Failure to Follow Physician Orders for Insulin, Weight Monitoring, and Lab Tests
Penalty
Summary
The deficiency involves the facility’s failure to implement and follow physicians’ orders for three residents. For one resident with diabetes mellitus, a physician ordered Novolog insulin to be administered in the morning prior to breakfast, with instructions to hold the insulin if the resident’s blood sugar was less than 80 mg/dL. Review of the April 2026 MAR showed that staff administered the insulin on three occasions when the resident’s blood sugar was below 80 mg/dL, contrary to the physician’s order. Another resident with cerebral palsy, diabetes mellitus, and heart failure had a physician’s order to be weighed every night shift and to notify the physician if the resident gained more than 2 lbs in 24 hours or 5 lbs in one week.

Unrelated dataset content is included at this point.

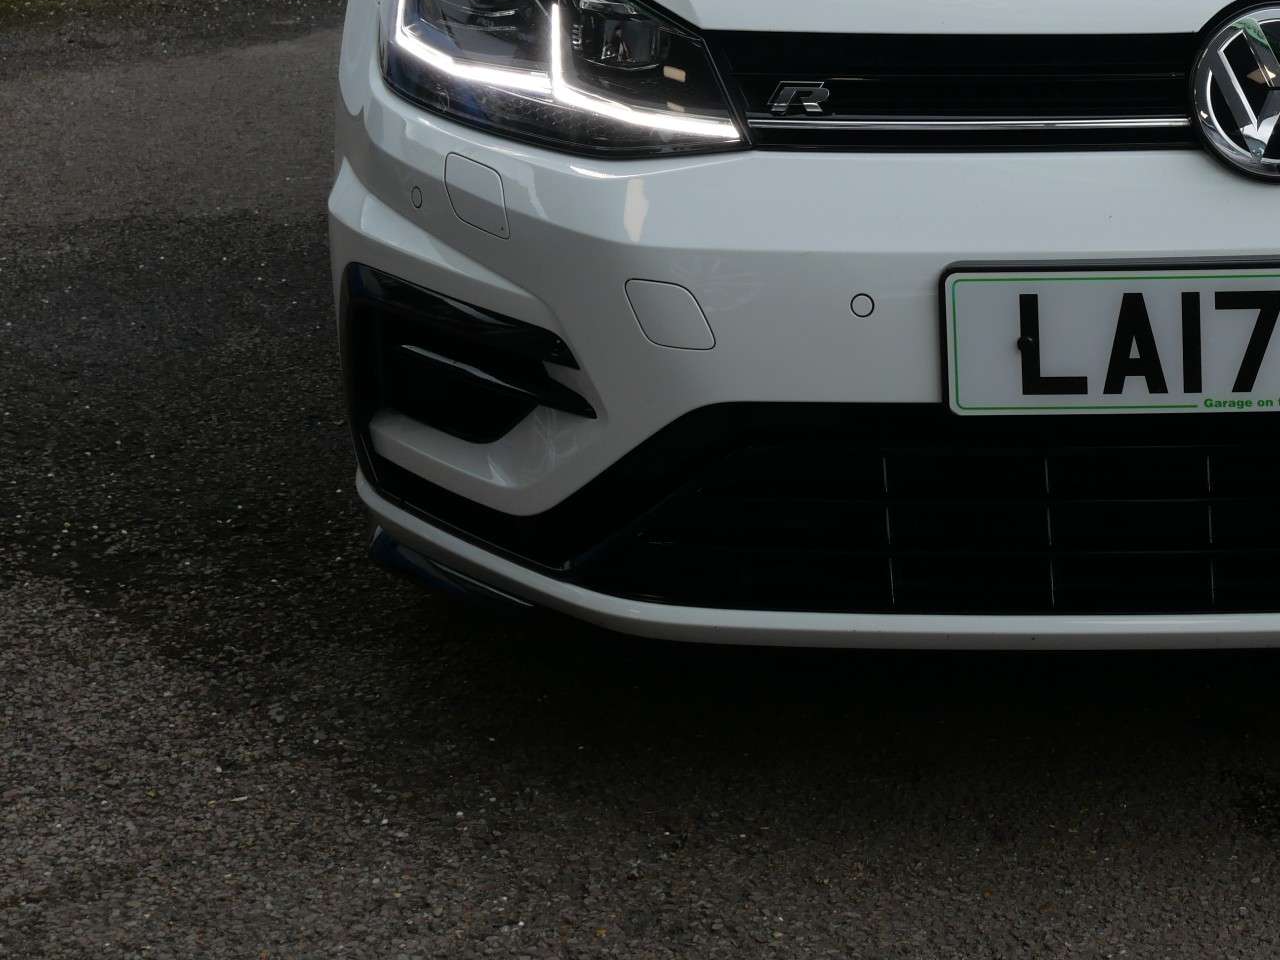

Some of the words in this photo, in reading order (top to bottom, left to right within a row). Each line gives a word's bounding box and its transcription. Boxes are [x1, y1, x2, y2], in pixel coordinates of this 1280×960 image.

[767, 80, 830, 113] R
[1203, 398, 1253, 409] Garage
[1257, 399, 1274, 408] on
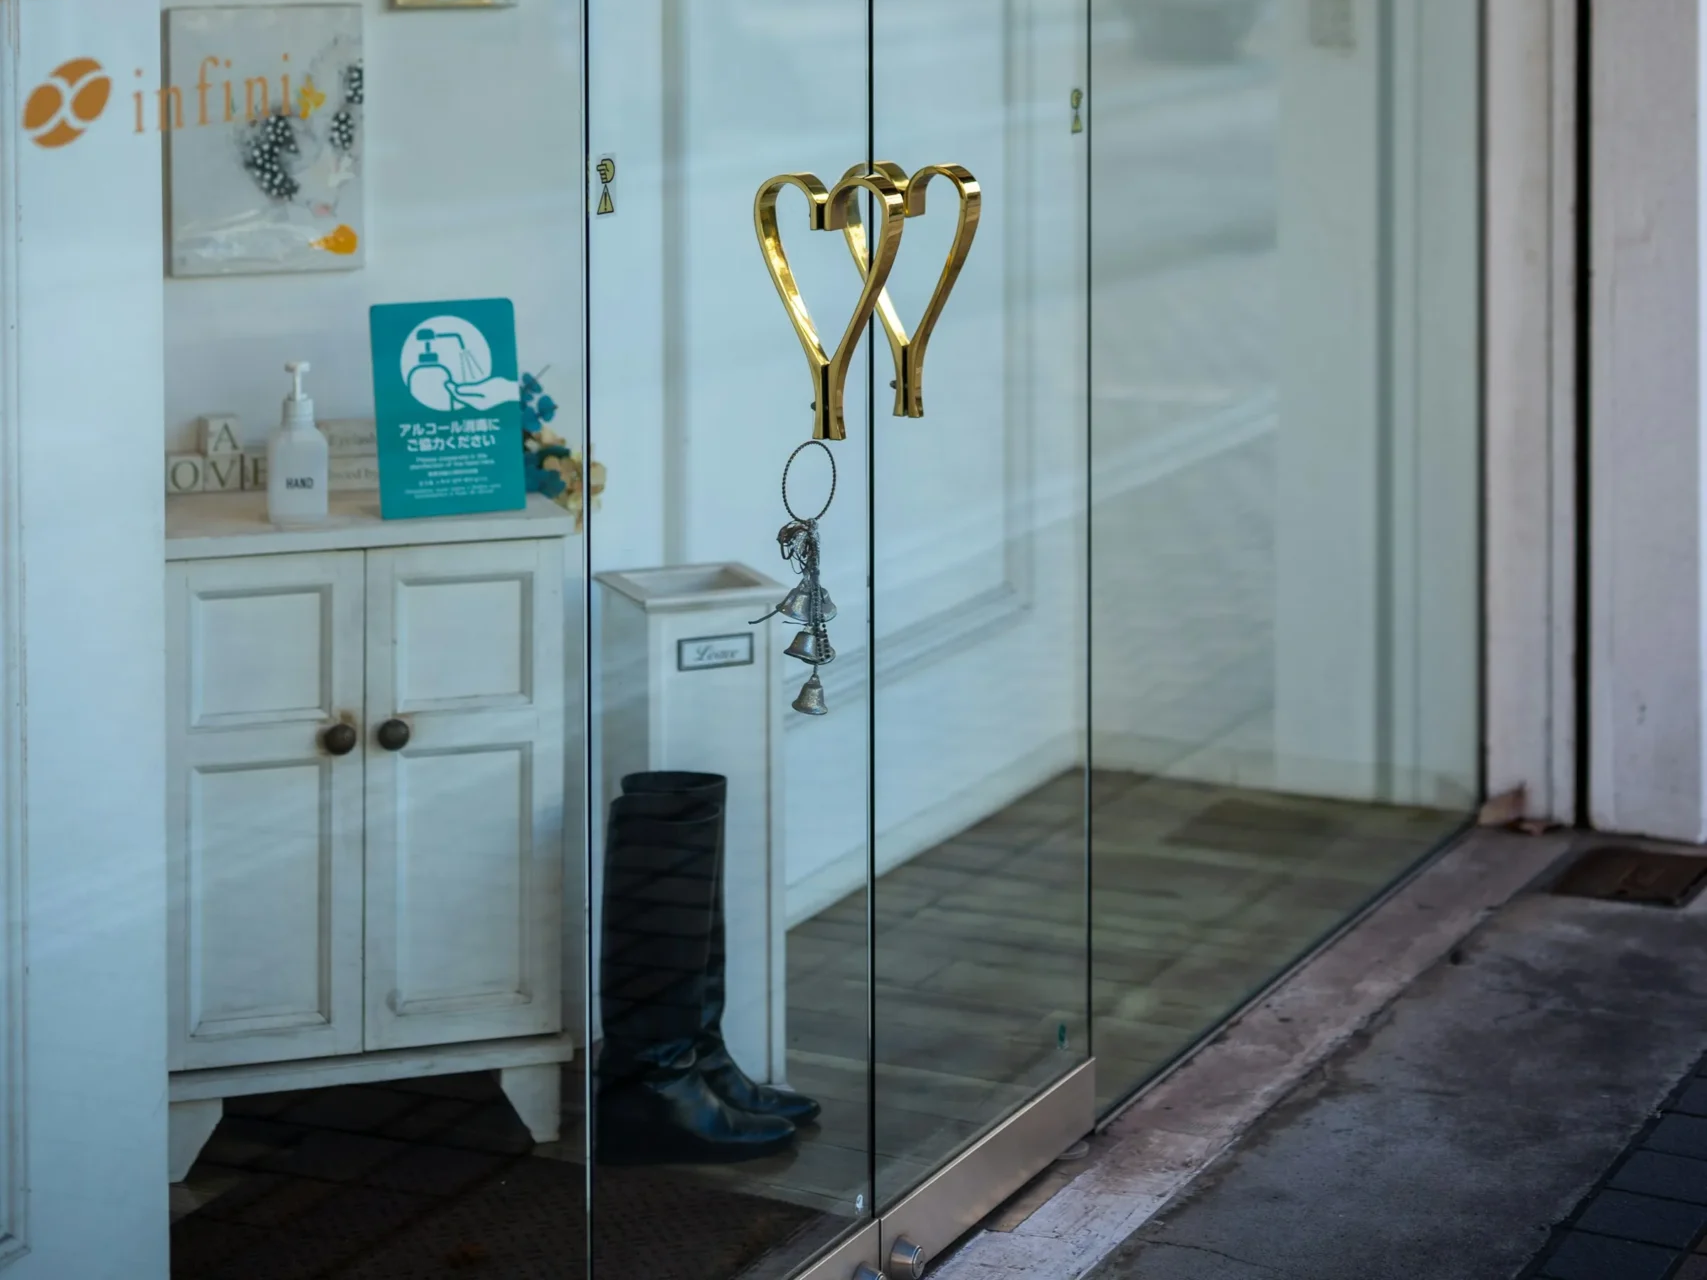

Clinical records showed multiple instances of significant weight gains over 24-hour periods, including gains of 4.7 lbs, 3.4 lbs, 6 lbs, 2.3 lbs, 5.8 lbs, 4 lbs, 2.4 lbs, and 3.3 lbs, without documented evidence that the physician was notified as ordered. A third resident with anemia and chronic kidney disease had a physician’s order for two blood tests (CBC and CMP), but the clinical record contained no documentation that these lab tests were obtained. The DON confirmed there was no documented evidence that care and services were provided in accordance with these physicians’ orders.
Failure to Document Non-Pharmacological Interventions Before PRN Narcotic Administration
Penalty
Summary
Facility staff failed to follow the facility’s pain management policy and specific physician orders requiring documentation of non-pharmacological interventions (NPI’s) and their effectiveness prior to administering as-needed narcotic pain medication for two residents. The policy, last reviewed February 24, 2026, required staff to document NPI’s and their effectiveness for patients receiving pain interventions. For a resident with left knee osteoarthritis, right hip pain, and diabetes, a physician ordered on March 17, 2026, that NPI’s be documented every shift, and on April 6, 2026, ordered oxycodone every four hours as needed for moderate to severe pain. Review of the MAR showed that this resident received as-needed oxycodone 23 times in April 2026 without documented evidence that NPI’s were attempted prior to administration. Another resident with diagnoses including cerebral infarction (stroke), diabetes, hemiplegia, and hemiparesis had a physician order dated February 7, 2026, directing staff to document NPI’s used before administering as-needed pain medication, and an order dated April 3, 2026, for oxycodone every four hours as needed for moderate to severe pain. MAR review revealed this resident received as-needed oxycodone nine times in April 2026 without documented evidence that NPI’s were attempted prior to administration, in violation of 28 Pa. Code 211.9(a)(1) Pharmacy services and 28 Pa. Code 211.12(d)(1)(5) Nursing services.